Both federal cases and the Georgia case will make it to trial unimpeded by appellate rulings. The trials may well all be held before spring of 2024. Two civil trials will also be held by then. The Stormy Daniels hush money case will likely be first. This is the case where the National Enquirer helped Trump win in 2016 by using their “catch and kill” method to keep Stormy Daniels’ story out of the news.

Around the same time will be the New York State Attorney General Letitia James $250 million business fraud suit. This is the case where Trump took the 5th amendment 400 times during the deposition, even though in such cases taking the 5th can permissibly give rise to an “adverse inference”.

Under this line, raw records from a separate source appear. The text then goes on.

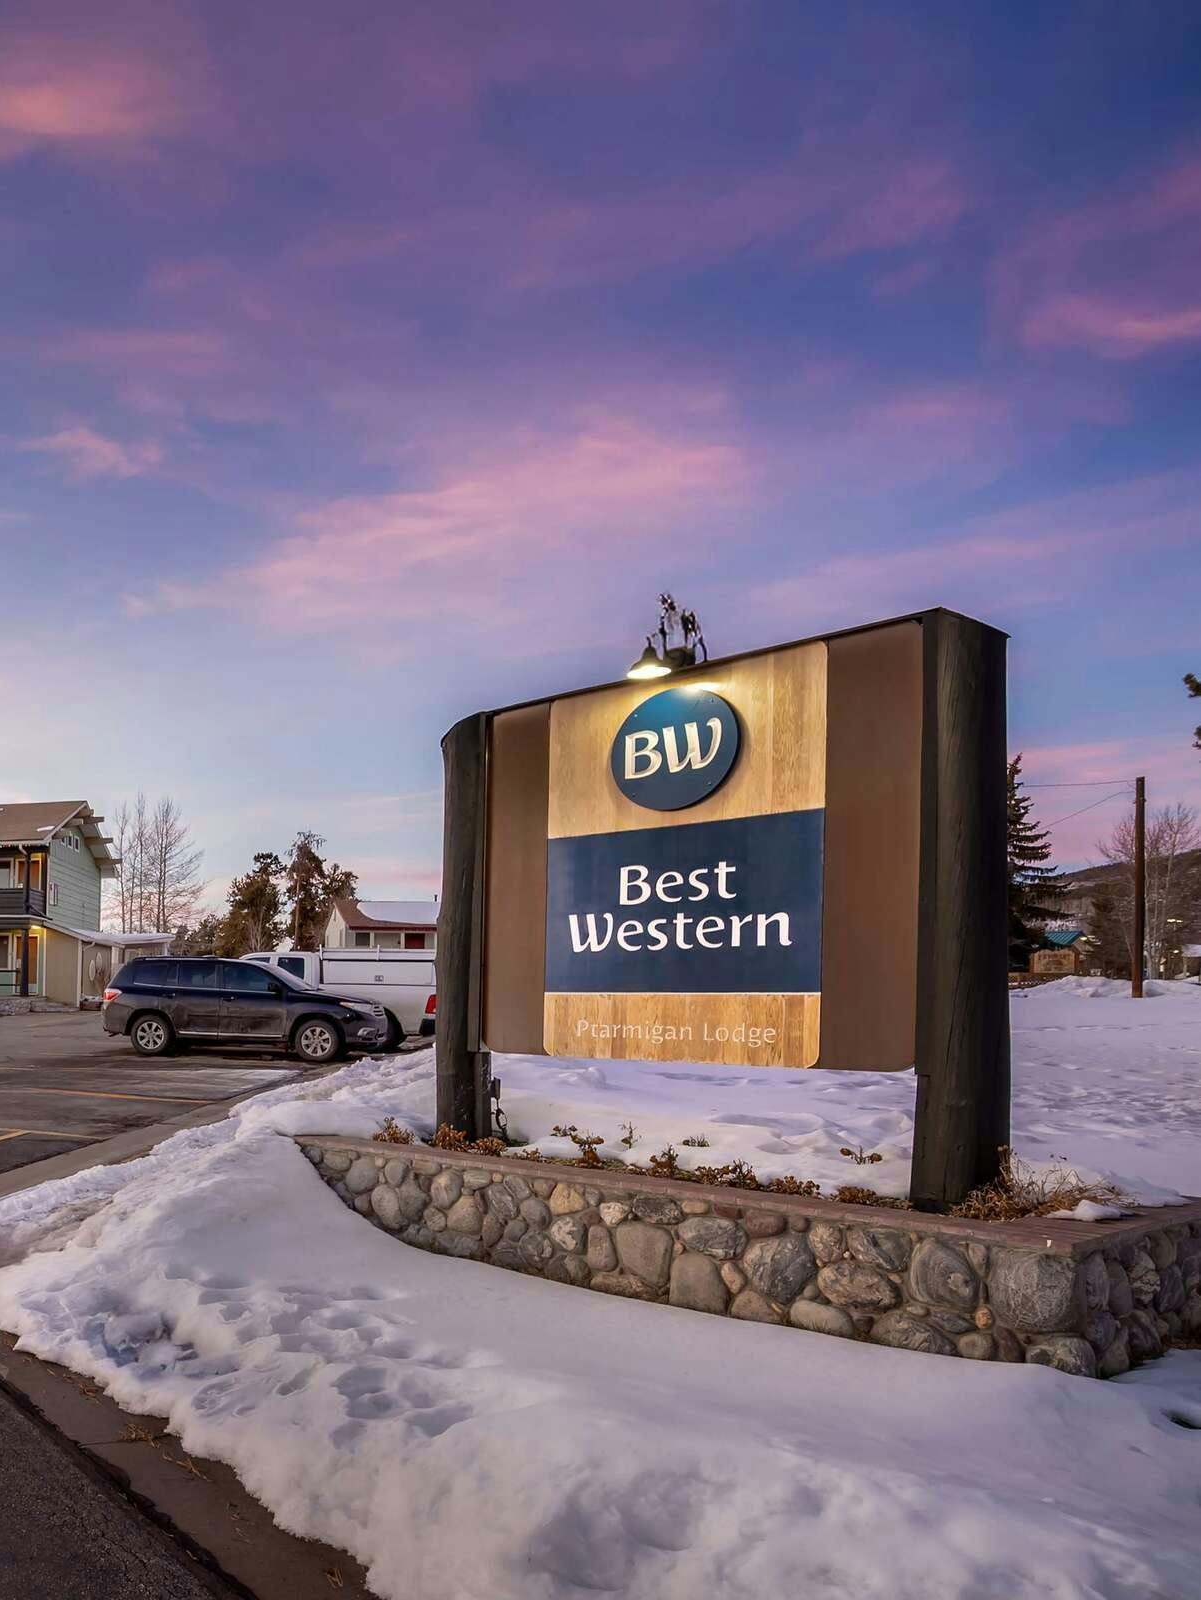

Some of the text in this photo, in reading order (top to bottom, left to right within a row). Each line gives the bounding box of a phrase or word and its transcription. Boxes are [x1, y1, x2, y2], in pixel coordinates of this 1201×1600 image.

[624, 717, 723, 780] BW
[619, 861, 737, 906] Best
[568, 911, 793, 953] Western
[575, 1019, 777, 1048] Ptarmigan Lodge
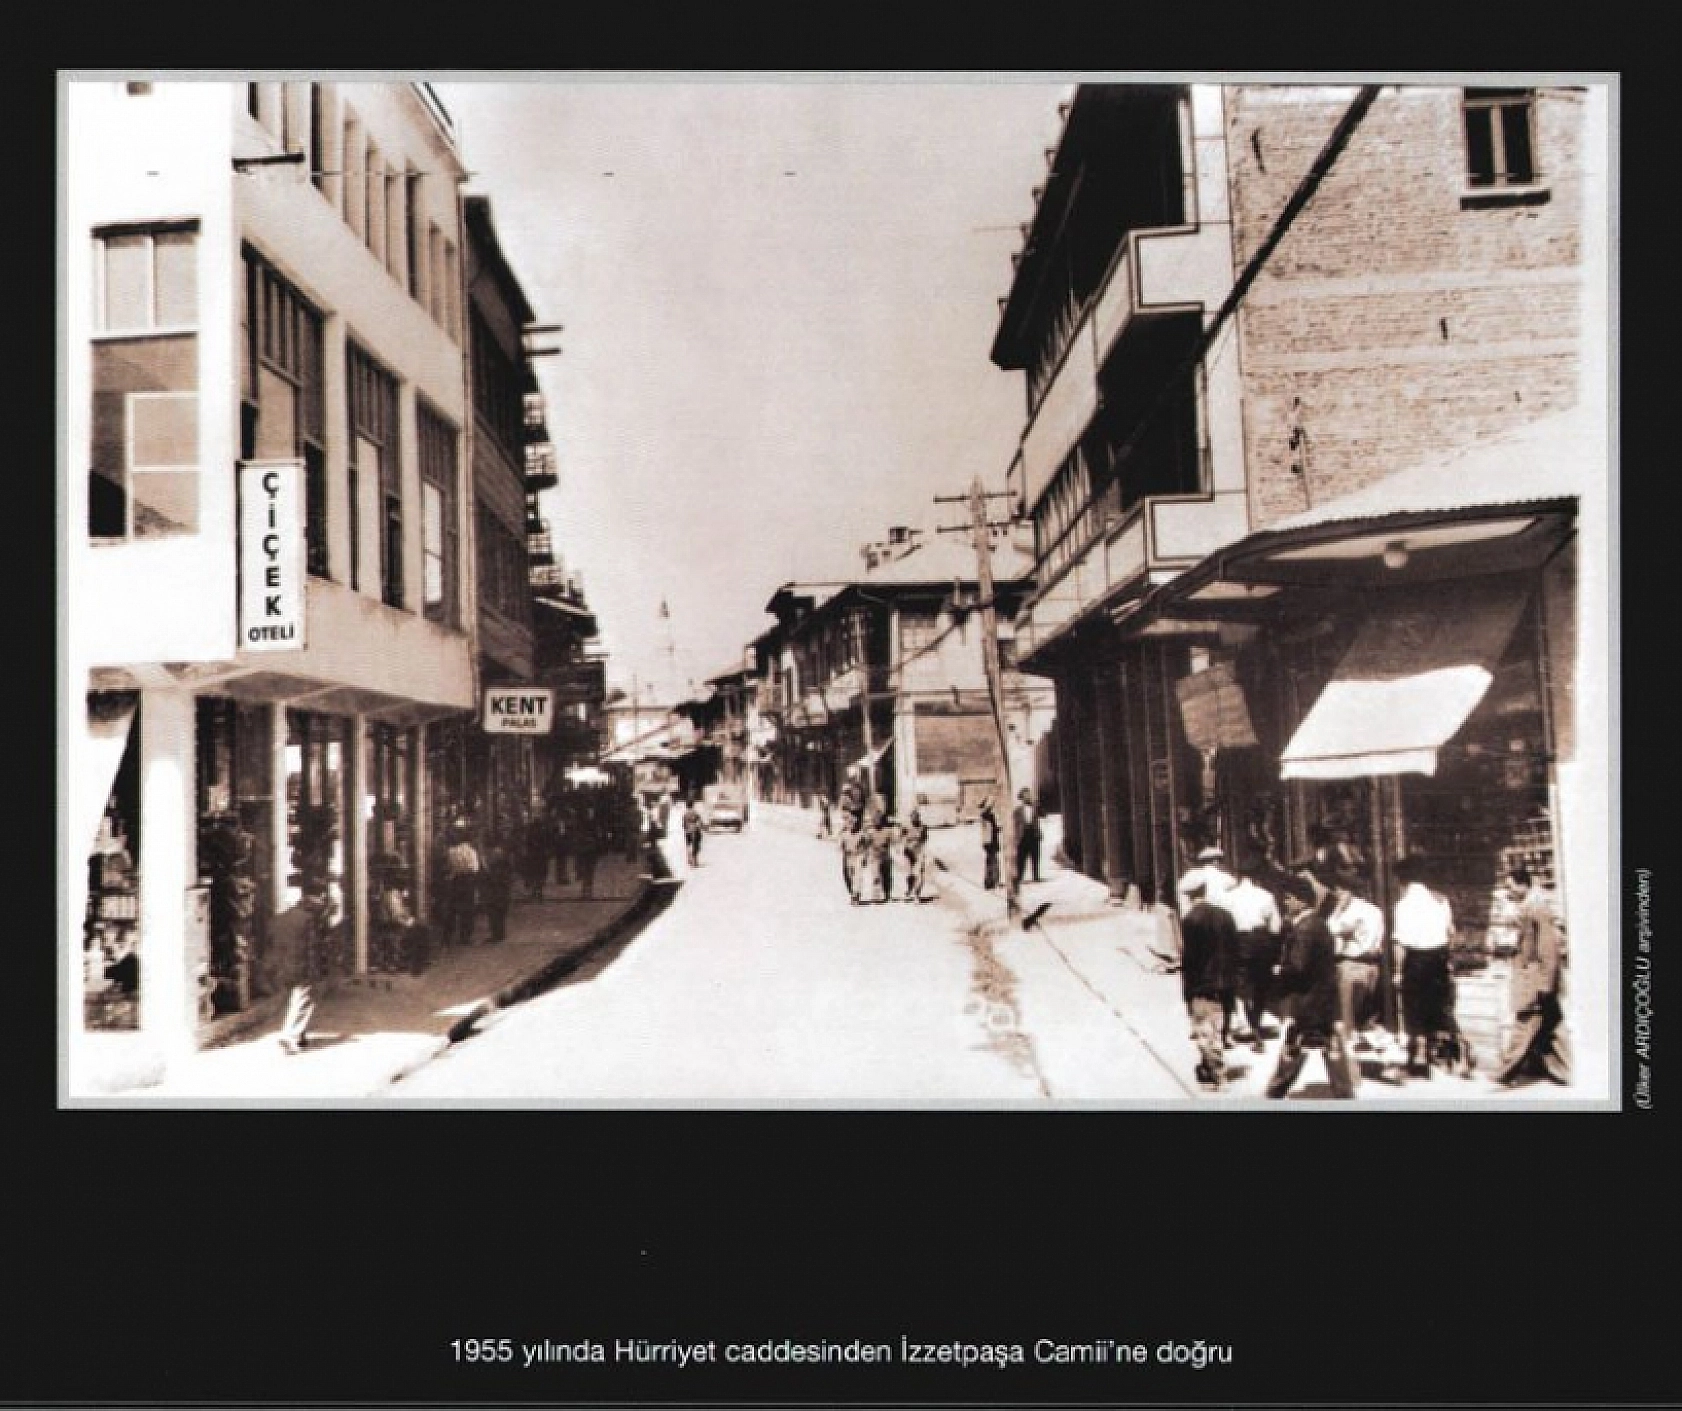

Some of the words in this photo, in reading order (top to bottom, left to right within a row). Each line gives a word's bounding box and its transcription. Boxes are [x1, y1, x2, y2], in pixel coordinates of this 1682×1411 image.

[262, 472, 282, 617] ÇİÇEK
[248, 623, 294, 642] OTELİ
[491, 696, 548, 715] KENT
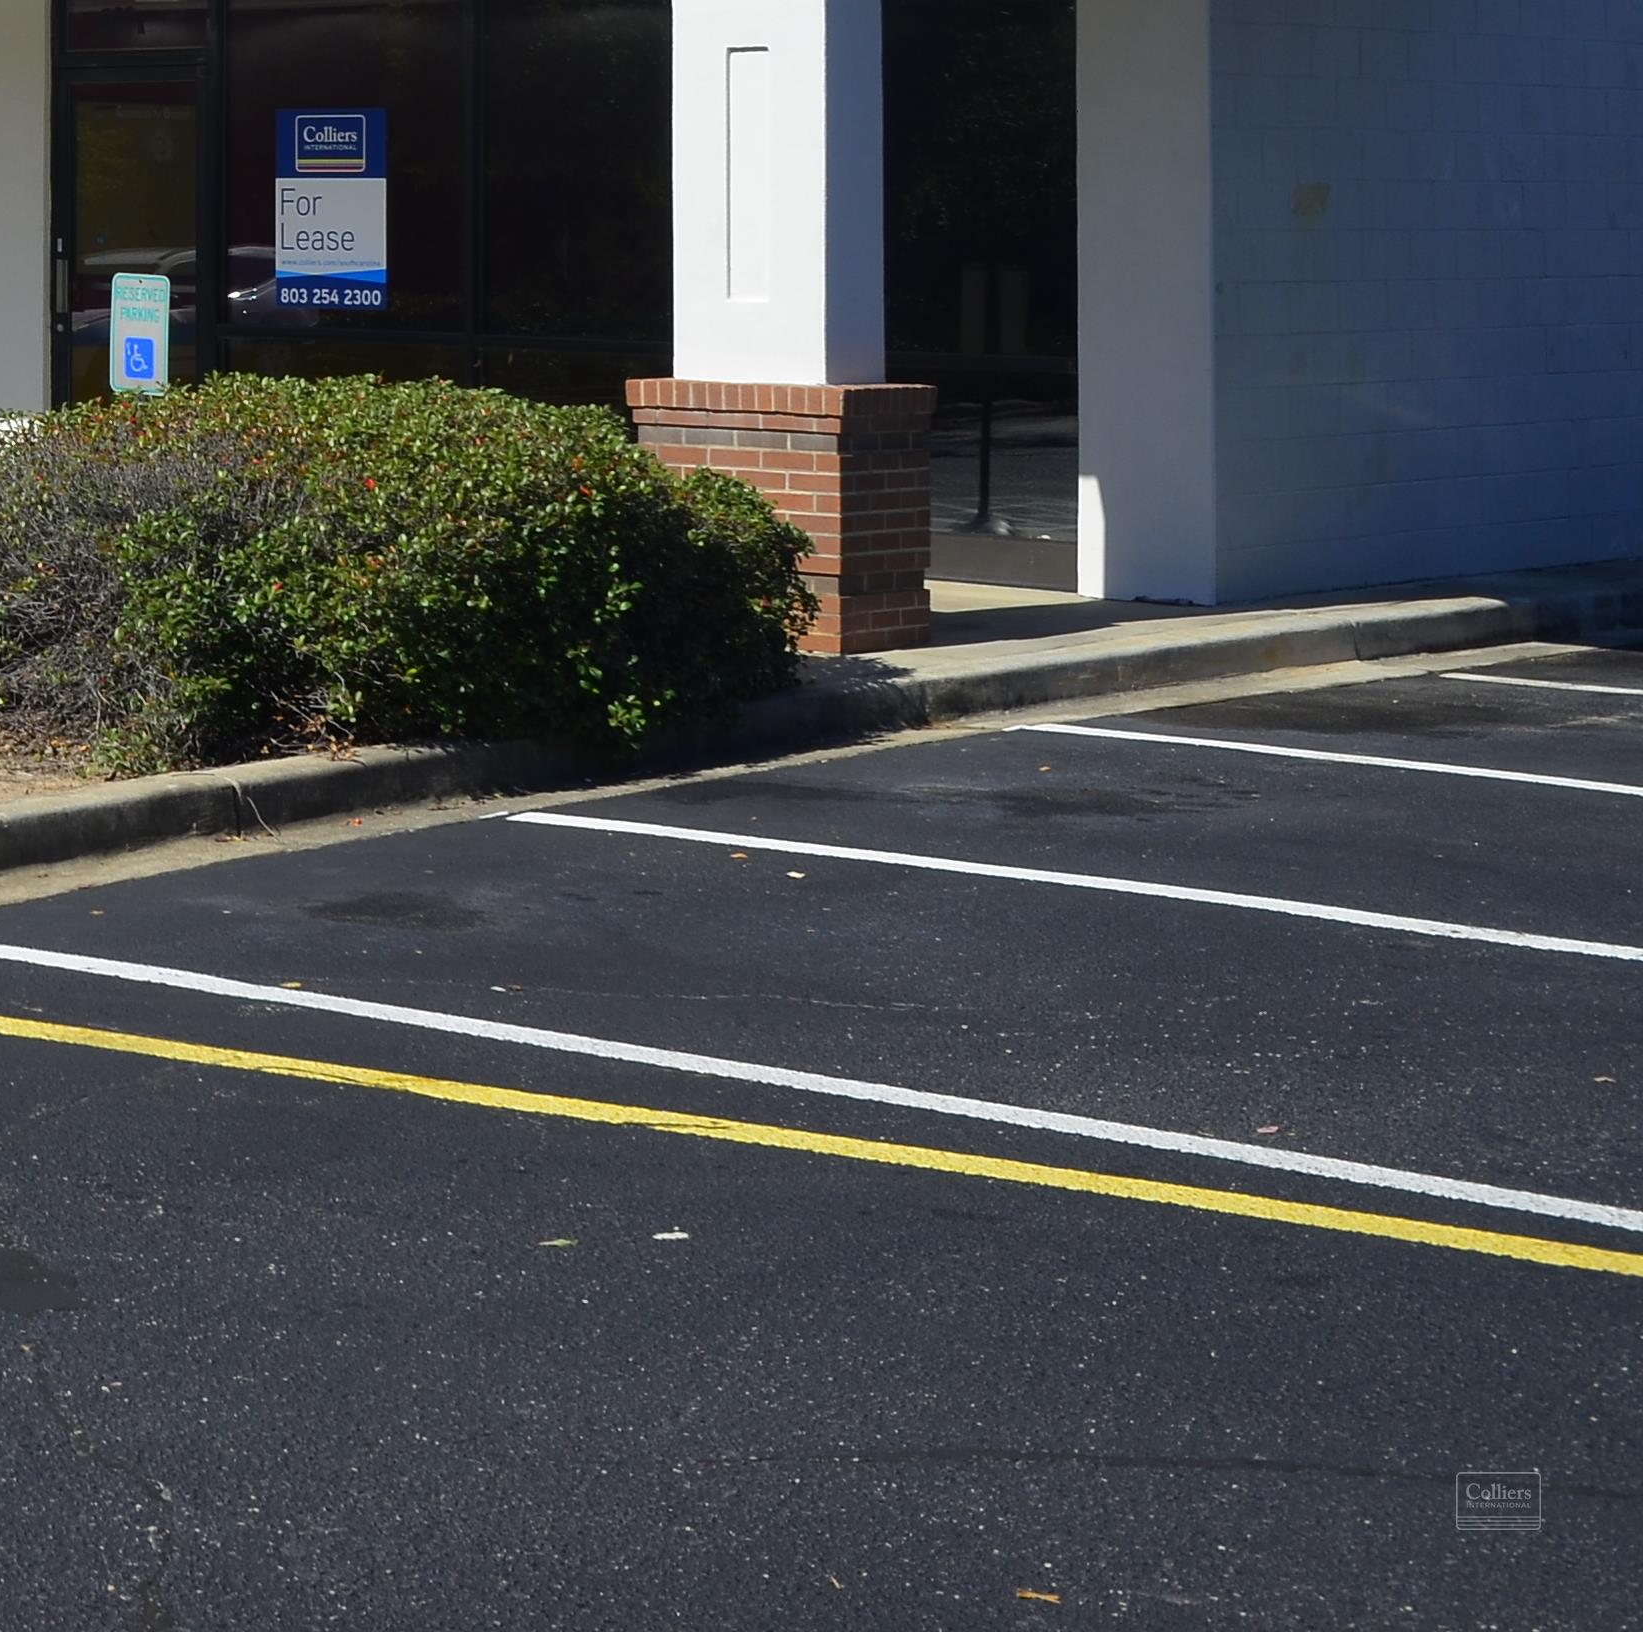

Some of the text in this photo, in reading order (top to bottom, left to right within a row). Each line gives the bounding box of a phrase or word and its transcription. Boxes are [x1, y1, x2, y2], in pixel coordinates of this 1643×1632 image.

The weight of the indictments and subsequent trials will take Donald Trump down. In the meantime, Republican state legislators are handing Democrats a political gift that keeps on giving. Not content with the Dobbs decision obliterating the right to choose, many are working mean-spiritedly across the country to remove exceptions permitting abortions in cases of rape, incest, and protecting the life of the mother. This delivers to Democrats the single most powerful tool in upcoming elections, as evidenced by the recent victory of Wisconsin State Supreme Court candidate Janet Protasiewics, who got a pro-choice electoral boost in the range of 10%. These three things come immediately to mind:

1) Yes, Virginia, There is an Election This Fall
As we all remember, Virginia and New Jersey have odd election cycles, with their State Legislatures being up for election this fall. Virginia is one of ten states where control of the two legislative bodies is split. Democrats have a 21-19 margin in the Senate, and Republicans control the House 52-48. Expanding the Senate lead and taking over the House is well within our reach. It is necessary to block Republican Governor Glenn Youngkin’s efforts to kill Virginia’s protection of a woman’s right to choose to terminate her pregnancy in the first 26 weeks. One can be informed about who is running and why you should support them through the by now well established Sister District Project The best way to get money early to the candidates that need that dough is the new choice focused PAC that has cropped up in Virginia, the imaginatively named Roe Your Vote Virginia

2) 
Use Initiatives and Referenda Wherever We Can
When you are dealing with protecting or advancing a woman’s right to choose, there is nothing like a statewide vote, as has already been shown in Kansas, Michigan, Kentucky, California, and Vermont. Such measures capture voters who don’t get engaged in partisan elections. There are 23 states which have adopted initiative or referenda processes, or both. Pro-choice advocates understand that in addition to protecting choice, ballot measures increase the vote for pro-choice candidates in close races. There are already signature gathering efforts in Colorado, Montana, Florida, Arizona and Nevada and there will be more. If you are in a state that has a petition drive underway, call the ACLU to find out where to get one and how to circulate it. If you are in another state that permits initiatives, find out what is happening.

3) 
Next, Why Not Ohio
It’s complicated, but there is a good chance that Ohioans will protect their right to choose in a statewide ballot this fall. Click here to support the coalition Protect Choice Ohio or to stay in contact with them. They have two hurdles. First, they need to get 400,000 signatures by July. Then they will have to contend with a possible August ballot in which duplicitous opponents will try to get state law changed to require initiatives to gain a supermajority of 60 percent rather than the current 50%.

You may not be one to watch the news, but there will be items of special interest this summer. Fulton County, Georgia and the United States Department of Justice are about to firmly establish that no one is above the law.